We found ourselves amongst many other bleary eyed hungover gay men searching for that perfect spot on deck of this RSVP cruise from which to observe that days total solar eclipse. We were anchored just off the coast of Aruba for a reason, we were in the path of totality in a spot calculated to have the longest time in actual totality, about 3 minutes 40 seconds to my recollection. That sun was hot and all I wanted was a place to sit down, drink my coffee and nurse this hangover. A friend handed me a Bloody Mary. Life was suddenly better.
A passenger affectionately known as The Chicken Lady passed by pouring creme in anyone’s coffee who needed it. She was carrying her trademark chicken purse and the creme flowed on demand into awaiting coffee cups out of an artificial breast that she wore under her bikini top. The Chicken Lady wasn’t known to be reserved nor inhibited in any way imaginable.
The ship’s crew worked feverishly to make sure all 800 passengers were well taken care of and comfortable. They made sure we all had our beverages of choice as well as our solar eclipse viewers. Morning cocktial music played, we laughed, the scent of sunscreen permeated the air and we waited.
The searing heat of the tropical sun started to diminish. A quick check with the solar eclipse glasses confirms that the moon has begun it’s journey between us and our sun. It seemed as if someone had found both the dimmer and the thermostat as not only was the light becoming more appropriate for a party, but the heat had been turned down a notch. We continued our wait laughing with our friends, checking the moon’s progress through the viewers and ordering more cocktails.
Suddenly it all changed.
I had experienced partial eclipses before. No. Big. Deal.
This was different.
In the distance it appears as if a very dark storm had formed. It was black out there. It was moving. It was moving fast and it was headed toward us. However there were no clouds but just darkness. Not just darker but black. This shadow was moving and there was no escaping it. That shadow of black was coming for us and fast. We adorned the viewers and looked up to find just a tiny pierce of the sun left and then it was gone. Nothing left but a faint corona and then a voice from the crowd, all on their feet at this moment, screamed “It’s safe now, take off your glasses!”
Our photos from Aruba’s total eclipse
Nighttime. Nighttime with all the stars out yet a faint light of dawn 360 degrees around us just at the lip of horizon. The birds, the songs of the birds as if it were daybreak. The lights, all the streetlights and lighted signs on the tiny island of Aruba had lit up. It was nighttime but it wasn’t. The horizon was beautiful. The colors of sunrise 360 degrees around us with all the stars out and this black circle above us. Tiny black, very black circle with a moving light shimmering around it.

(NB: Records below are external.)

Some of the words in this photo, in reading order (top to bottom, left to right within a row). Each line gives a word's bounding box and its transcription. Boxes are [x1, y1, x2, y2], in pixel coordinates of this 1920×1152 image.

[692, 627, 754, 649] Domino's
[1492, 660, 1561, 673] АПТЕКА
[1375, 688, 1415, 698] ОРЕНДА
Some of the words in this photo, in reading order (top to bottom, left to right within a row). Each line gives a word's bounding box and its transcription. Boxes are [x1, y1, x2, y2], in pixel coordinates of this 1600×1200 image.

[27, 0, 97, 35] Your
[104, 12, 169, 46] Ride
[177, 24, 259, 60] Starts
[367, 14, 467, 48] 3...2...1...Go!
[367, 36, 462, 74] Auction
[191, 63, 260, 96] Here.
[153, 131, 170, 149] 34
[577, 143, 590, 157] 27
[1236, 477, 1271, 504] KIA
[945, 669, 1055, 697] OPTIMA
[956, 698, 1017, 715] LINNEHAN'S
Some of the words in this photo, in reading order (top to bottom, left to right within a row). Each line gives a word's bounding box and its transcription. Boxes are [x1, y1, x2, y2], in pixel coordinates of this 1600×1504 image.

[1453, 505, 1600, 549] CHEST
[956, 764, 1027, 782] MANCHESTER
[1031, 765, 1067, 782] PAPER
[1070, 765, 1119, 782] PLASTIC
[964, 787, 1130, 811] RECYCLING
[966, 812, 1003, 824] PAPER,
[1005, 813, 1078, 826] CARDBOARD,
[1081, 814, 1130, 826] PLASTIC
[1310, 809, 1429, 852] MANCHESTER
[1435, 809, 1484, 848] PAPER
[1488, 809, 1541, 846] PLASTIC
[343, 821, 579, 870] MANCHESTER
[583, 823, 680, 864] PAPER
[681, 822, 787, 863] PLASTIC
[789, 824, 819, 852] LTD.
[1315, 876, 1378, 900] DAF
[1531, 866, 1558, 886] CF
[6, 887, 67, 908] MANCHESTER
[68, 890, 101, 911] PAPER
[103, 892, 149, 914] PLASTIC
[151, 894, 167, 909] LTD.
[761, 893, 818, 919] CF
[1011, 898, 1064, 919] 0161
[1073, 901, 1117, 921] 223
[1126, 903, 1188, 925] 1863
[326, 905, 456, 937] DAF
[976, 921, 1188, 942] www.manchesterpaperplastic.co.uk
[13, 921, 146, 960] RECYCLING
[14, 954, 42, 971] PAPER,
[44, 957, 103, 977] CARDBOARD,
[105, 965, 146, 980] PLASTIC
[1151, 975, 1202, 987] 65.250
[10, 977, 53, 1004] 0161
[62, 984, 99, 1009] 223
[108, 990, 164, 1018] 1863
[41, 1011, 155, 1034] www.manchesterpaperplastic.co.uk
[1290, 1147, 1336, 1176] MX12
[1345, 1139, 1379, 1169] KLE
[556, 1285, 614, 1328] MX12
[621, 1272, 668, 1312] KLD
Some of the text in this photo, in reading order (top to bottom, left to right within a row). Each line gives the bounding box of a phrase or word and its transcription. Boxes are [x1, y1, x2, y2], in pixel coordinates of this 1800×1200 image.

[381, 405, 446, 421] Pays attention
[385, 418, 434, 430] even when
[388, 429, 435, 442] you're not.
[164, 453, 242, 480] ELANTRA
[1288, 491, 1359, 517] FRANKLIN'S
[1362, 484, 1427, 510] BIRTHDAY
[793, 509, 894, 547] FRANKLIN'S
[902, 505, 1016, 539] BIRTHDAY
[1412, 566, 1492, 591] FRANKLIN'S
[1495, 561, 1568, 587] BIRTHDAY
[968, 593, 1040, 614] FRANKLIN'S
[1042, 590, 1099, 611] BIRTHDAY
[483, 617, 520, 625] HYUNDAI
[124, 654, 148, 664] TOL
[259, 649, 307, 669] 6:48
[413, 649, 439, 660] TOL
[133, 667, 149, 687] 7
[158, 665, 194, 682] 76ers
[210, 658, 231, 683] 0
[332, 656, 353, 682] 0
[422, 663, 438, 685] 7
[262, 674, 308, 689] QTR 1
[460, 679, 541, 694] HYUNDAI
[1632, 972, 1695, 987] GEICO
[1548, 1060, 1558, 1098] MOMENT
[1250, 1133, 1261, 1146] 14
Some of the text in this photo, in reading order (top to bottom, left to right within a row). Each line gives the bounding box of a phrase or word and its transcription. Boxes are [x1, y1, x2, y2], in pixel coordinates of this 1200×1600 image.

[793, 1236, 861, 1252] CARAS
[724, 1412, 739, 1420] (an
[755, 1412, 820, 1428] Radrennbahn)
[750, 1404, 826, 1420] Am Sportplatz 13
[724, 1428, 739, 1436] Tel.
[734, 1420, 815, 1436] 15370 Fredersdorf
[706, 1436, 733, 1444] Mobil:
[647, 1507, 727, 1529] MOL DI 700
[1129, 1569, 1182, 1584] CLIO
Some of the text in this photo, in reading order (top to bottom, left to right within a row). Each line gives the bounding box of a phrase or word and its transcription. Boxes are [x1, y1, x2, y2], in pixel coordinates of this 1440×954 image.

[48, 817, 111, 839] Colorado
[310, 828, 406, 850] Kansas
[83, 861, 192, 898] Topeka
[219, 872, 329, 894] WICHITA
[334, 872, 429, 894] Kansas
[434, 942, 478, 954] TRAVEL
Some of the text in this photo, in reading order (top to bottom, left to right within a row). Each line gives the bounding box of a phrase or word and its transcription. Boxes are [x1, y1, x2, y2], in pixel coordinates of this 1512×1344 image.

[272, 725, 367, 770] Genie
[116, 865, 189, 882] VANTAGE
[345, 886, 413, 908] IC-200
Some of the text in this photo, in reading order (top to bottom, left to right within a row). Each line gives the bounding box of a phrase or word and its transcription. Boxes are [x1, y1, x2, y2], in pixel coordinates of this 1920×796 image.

Ouch! The light! Someone screams”Glasses on!”
The moon had moved on and the first pierce of intense light had broken through. The sun was back, although just a tiny corner. We looked down to realize that we were no longer in the dark shadow as a faint light of sun had encompassed us. The shadow was moving again. The darkness had left us and it was moving again, moving away from us. Moving away fast. We could see it’s circular edge moving across the sea as the light replaced the darkness in the water. The great storm of darkness moved on and so fast that we couldn’t follow it.
We watched as the wonderment of that total eclipse moved on for others to experience that day.
Then we danced.
Today I sit in awe and gratitude for all the gifts I have been blessed with thus far in my wonderful life. Thus far!